Sophomoric
Page 2
pleeeeeeeease order with me and Dev tonight??? 3-for-2 calzone night the couples are ditching us.
I hadn’t realized Amie and Alec were dating.
The keyboard of my laptop clicked as I typed an answer. The minute hand on the clock moved from just before the seven to just after the eight before I hit send. We weren’t friends yet. Instantaneous replies might have looked desperate and I liked Cleo. Boarding school was a way to get out, to build my own identity and follow the myth of reinvention vaunted by brochures and bad TV shows. My bio teacher may have been droning on about evolution right now, but I didn’t have millennia. This was an opportunity, my shot, and I wasn’t about to blow it.
Devin and Cleo were already at the front gate at six to meet the delivery car from Italian Kitchen. I waved, holding a ten between my fingers. Her hair formed a half-halo with spiky tines behind her right ear: a Budweiser crown askew. She must have looped and flipped her hair into an elastic the same way I had, except that mine just hung awkwardly.
Devin and I hung back as she somehow slid to the front of the line of waiting students to get our food from the delivery guy. She leaned a little too far into his car to take the bag, her head slipping through the window. When she emerged, even I could recognize the satisfaction in her pursed lips, her lifted chin, the unordered can of Diet Coke in her hand.
We took our calzones to the library steps. Devin finished his and half of mine in the hour we spent there. I was glad to be in the middle. Their conversation still mostly happened over my head, but at least no one had their back to me. I didn’t mind smiling, nodding and laughing in the appropriate places.
Listening to the conversation was working for me. That is, until Cleo got bored gossiping about the rest of the campus and Devin’s summer at home in Los Angeles.
“Let’s play a game.” Cleo closed the container still holding half of her chicken Alfredo calzone, putting a last piece of cheese in her mouth.

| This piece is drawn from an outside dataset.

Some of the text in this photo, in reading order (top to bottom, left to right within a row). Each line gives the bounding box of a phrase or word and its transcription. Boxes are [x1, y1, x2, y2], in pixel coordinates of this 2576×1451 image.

She glanced down at me. “Never Have I Ever.”
I had played “Never Have I Ever” all through middle school, asking about kisses and porn amidst the giggles of eighth graders too inexperienced to know they were inexperienced. Those games were usually won by the people who had kissed a boy, had a crush on a high school guy or walked in on their siblings hooking up. In other words, not me.
As I learned quickly, Cleo always brought a different set of rules, starting with her fingers behind her back.

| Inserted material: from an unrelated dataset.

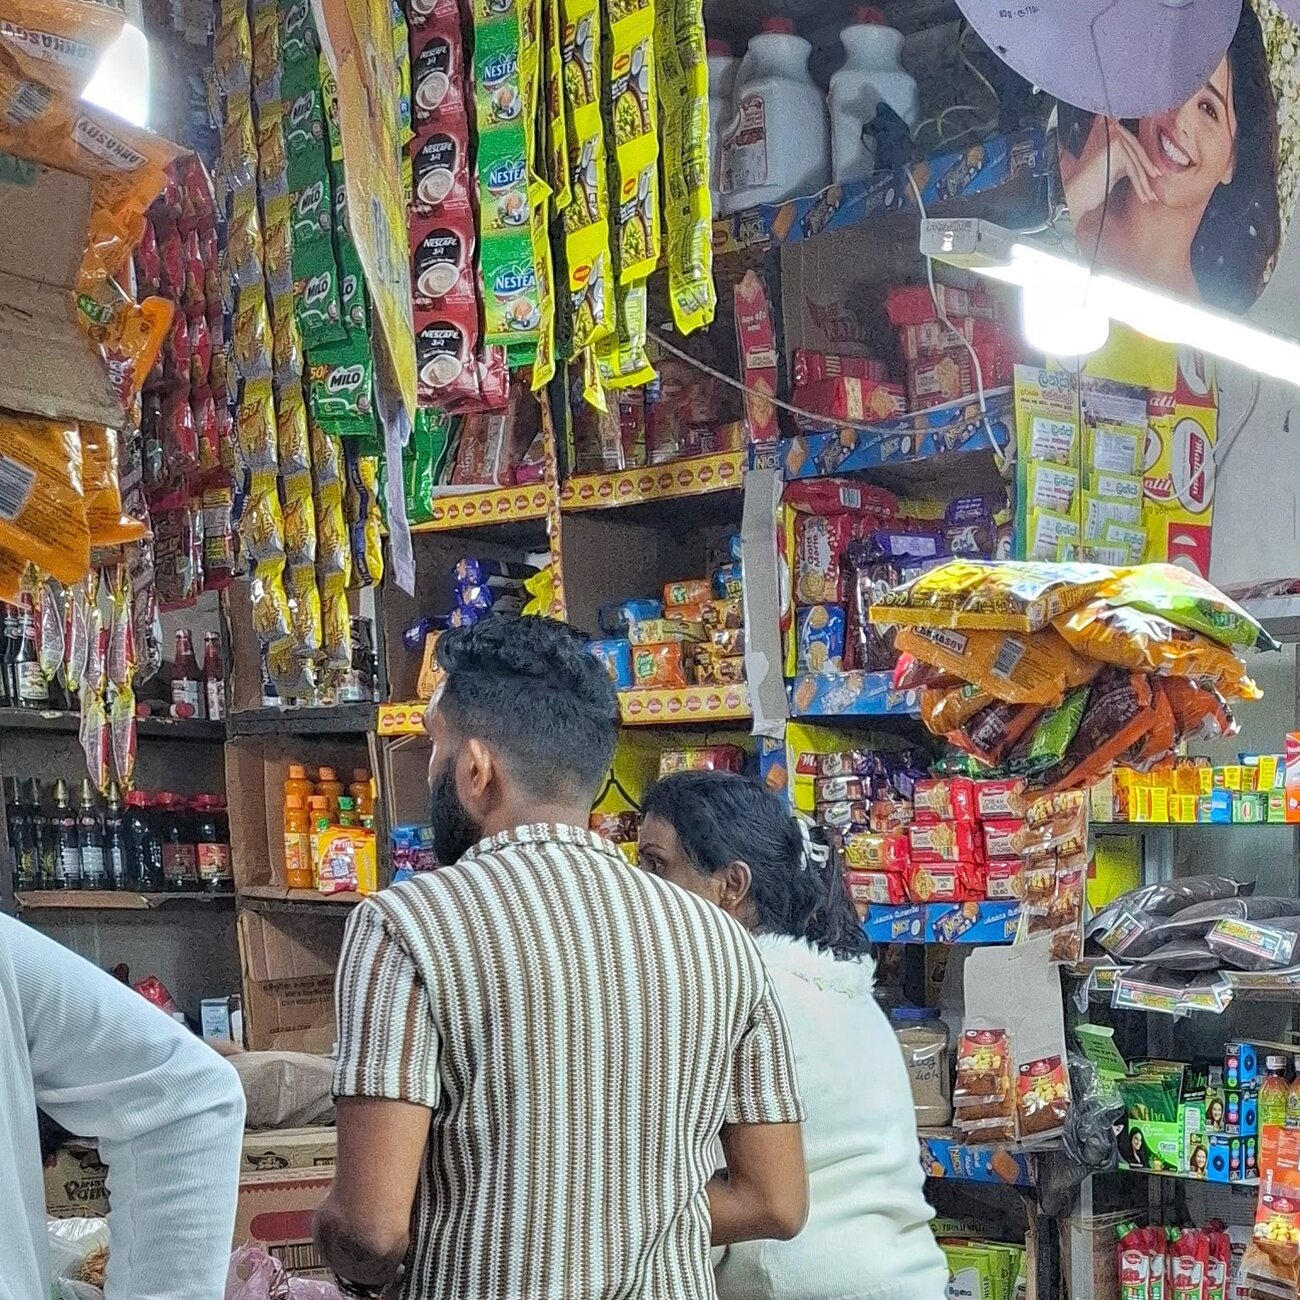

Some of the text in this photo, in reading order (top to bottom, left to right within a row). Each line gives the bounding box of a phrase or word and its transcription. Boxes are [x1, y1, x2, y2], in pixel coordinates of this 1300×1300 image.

Dev smirked at her. “Never have I ever done a Robo-trip.”
Someone had talked about it during Orientation: getting high off Robitussin.
Cleo rolled her eyes. “You’re an asshole. New rules.” Her voice rattled off black mark after black mark against my name, as my fingers stayed up and theirs dropped rapidly; never have I ever gone streaking, smoked pot, snuck into the guys’ dorms, hooked up in water, hooked up under the bushes on campus… Every time I thought there was no way, someone rolled their eyes and I knew a finger dropped. The only three I had done were pathetic in comparison: stolen from a parent, cut class, smoked a cigarette. And it had only been twenty bucks. In the end, Cleo was the first to signal defeat. I put down my remaining seven fingers and withdrew my hands. Dev had one finger up, which he displayed and thrust in Cleo’s face before putting it down.
Dev’s inappropriate finger gestures distracted me, so I didn’t realize Cleo had seen my fingers until she spoke and I spun around to face her.
“Someone’s still a virgin.” Her conclusion wasn’t cruel, just Cleo: blunt and snarky and not giving a damn what anyone else thought. The only good thing about that moment was that my back was to Dev. My cheeks felt sunburned from the inside out.
“Maybe.” The days of moral authority were long gone. Despite the kilts, the rules, the Sex Ed classes that warned about awkwardly timed babies and awkwardly placed warts, the scarlet letter of modern high school had become V. I had already been tried, convicted and branded.
Just great.
But as embarrassed as I was, it changed the flow of the conversation, and I stopped being the monkey in the middle, trying to catch the conversation flying over my head.
Dev just laughed, resting an arm over my shoulders. “We can’t all be like you, Cleo. Water? Really.”
She raised the crafted arch of one dark eyebrow. “And he was more a man than you’ll ever be, Kennedy.”
“So how far have you gone?” He turned to me, suddenly interested.
I figured this had to be one of those times they tell you is perfectly acceptable for lying. “I don’t kiss and tell.” I tried to sound flirtatious. I probably sounded about as sexy as a member of the Mickey Mouse Club.
But hey, if that was what you went for.
Dev leaned in, arm still around my shoulders. He was wearing that smile, the one that said that he had gone more than far enough. “I always make them tell.”
“Be nice.” Cleo stood up, grabbing the Styrofoam container that still held part of a calzone. “We should get out of here. Don’t want the RDs on my ass this early in the year.” I couldn’t decide whether I was thrilled to get out of there or disappointed to leave Dev at the door to our dorm. It really was too bad he was way out of my league. The pretty boys, the football jocks, the popular guys of the world seemed oblivious to girls like me who lacked double Ds, French manicures and perfectly hemmed kilts. Why we wanted those boys if they wanted that didn’t make any sense, but it didn’t really matter. It wasn’t going to change. Fortunately, there was nothing stopping me from enjoying this for as long as it lasted.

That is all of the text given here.